[AIM OF THE TASK]: Repeat every entry word for word, but leave the images out of your copy.

*** Block opens ***

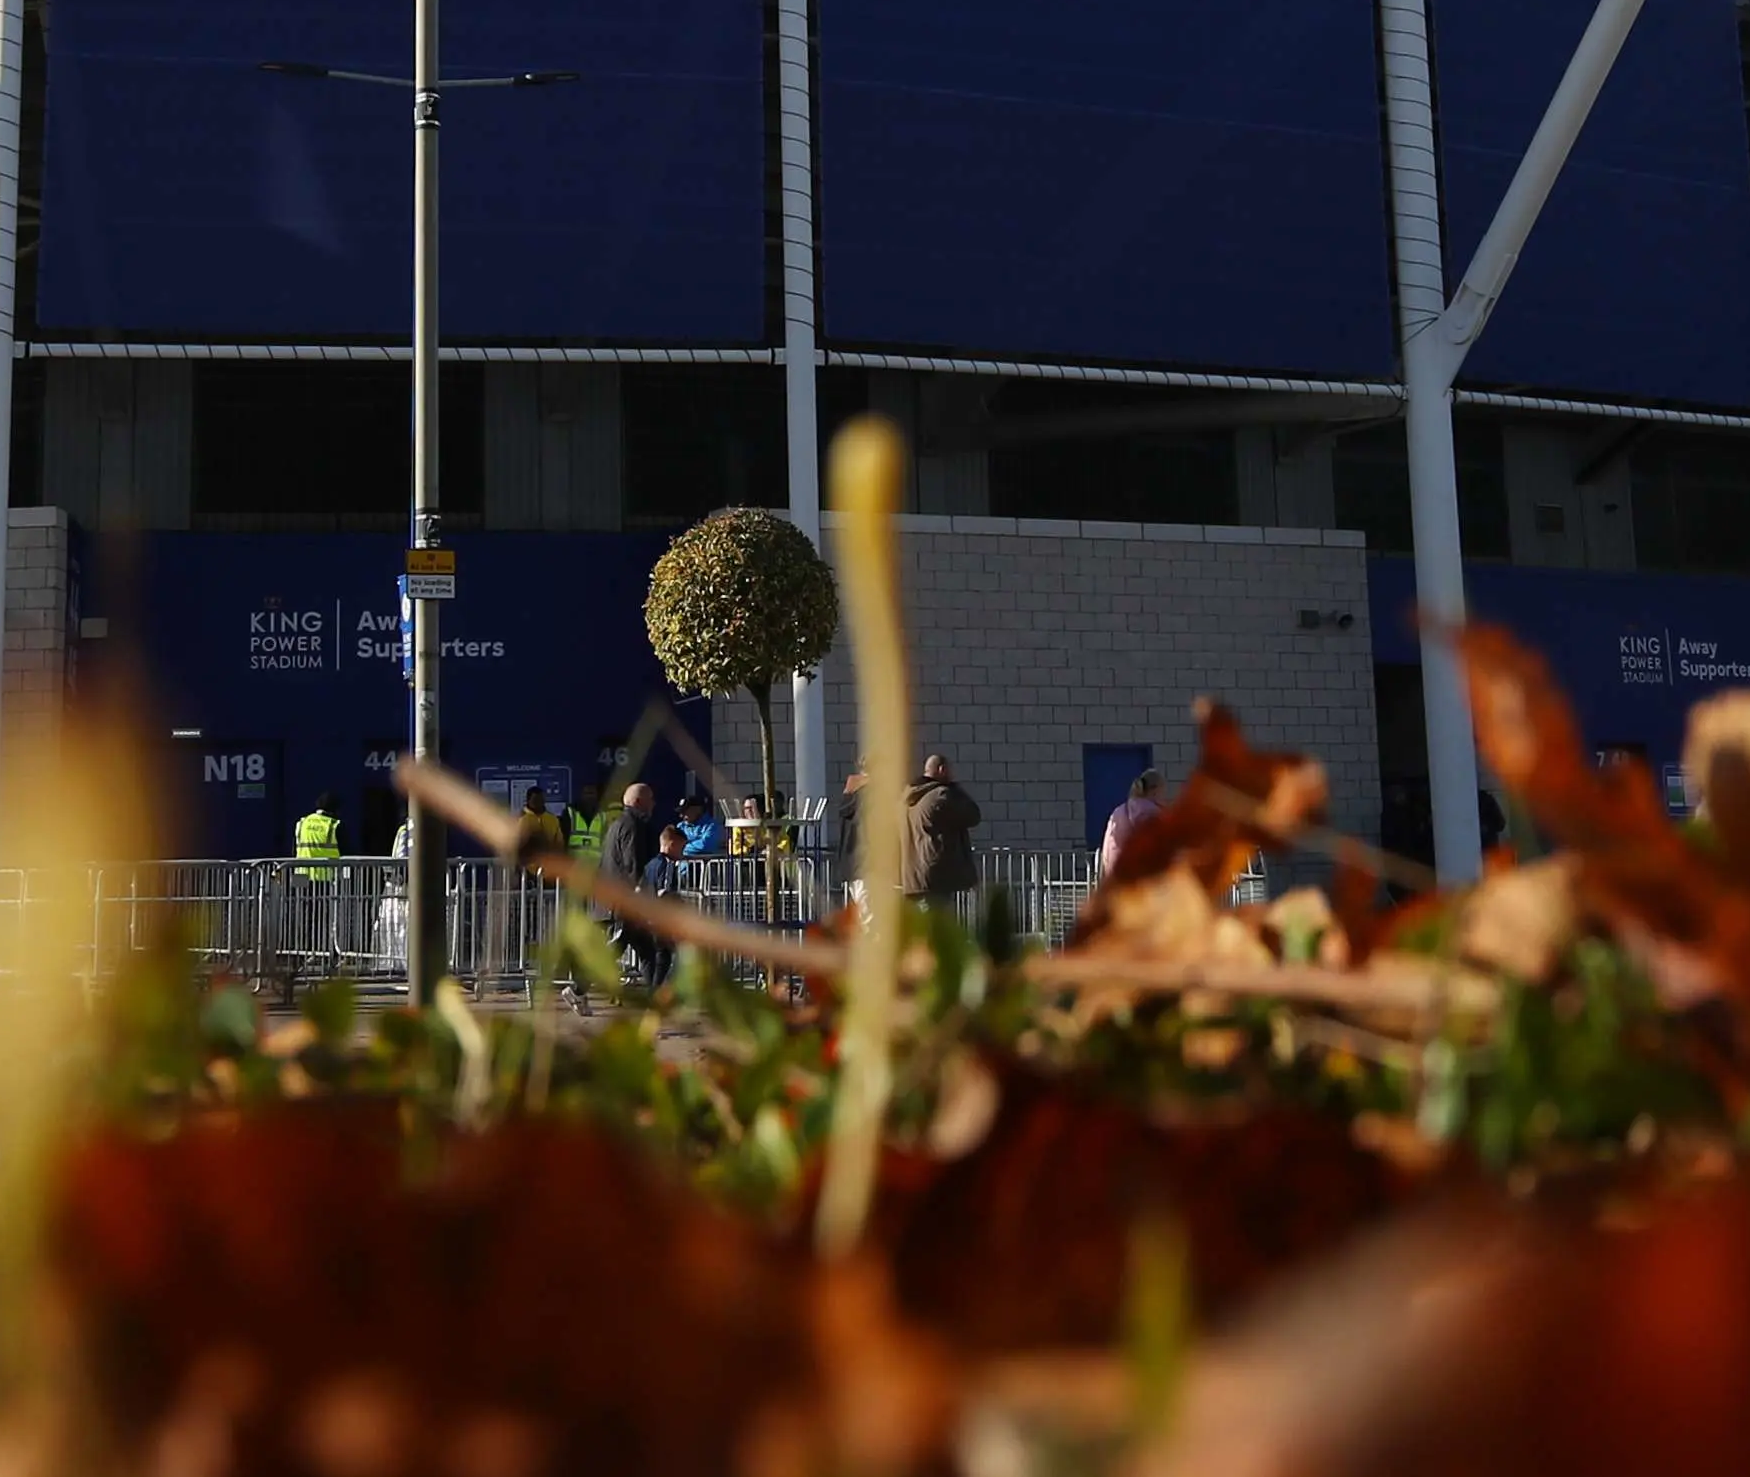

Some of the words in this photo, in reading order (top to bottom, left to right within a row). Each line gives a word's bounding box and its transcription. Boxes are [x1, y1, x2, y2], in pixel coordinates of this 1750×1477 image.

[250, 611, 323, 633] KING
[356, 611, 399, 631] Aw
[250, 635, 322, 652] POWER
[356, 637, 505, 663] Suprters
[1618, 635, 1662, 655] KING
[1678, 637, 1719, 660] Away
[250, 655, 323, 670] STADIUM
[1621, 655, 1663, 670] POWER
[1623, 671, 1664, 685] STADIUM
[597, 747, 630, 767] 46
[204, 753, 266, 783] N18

*** Block closes ***

[TASK SOLUTION]:
Some of the words in this photo, in reading order (top to bottom, left to right within a row). Each line gives a word's bounding box and its transcription. Boxes are [x1, y1, x2, y2], in pixel coordinates of this 1750×1477 image.

[250, 611, 323, 633] KING
[356, 611, 399, 631] Aw
[250, 635, 322, 652] POWER
[356, 637, 505, 663] Suprters
[1618, 635, 1662, 655] KING
[1678, 637, 1719, 660] Away
[250, 655, 323, 670] STADIUM
[1621, 655, 1663, 670] POWER
[1623, 671, 1664, 685] STADIUM
[597, 747, 630, 767] 46
[204, 753, 266, 783] N18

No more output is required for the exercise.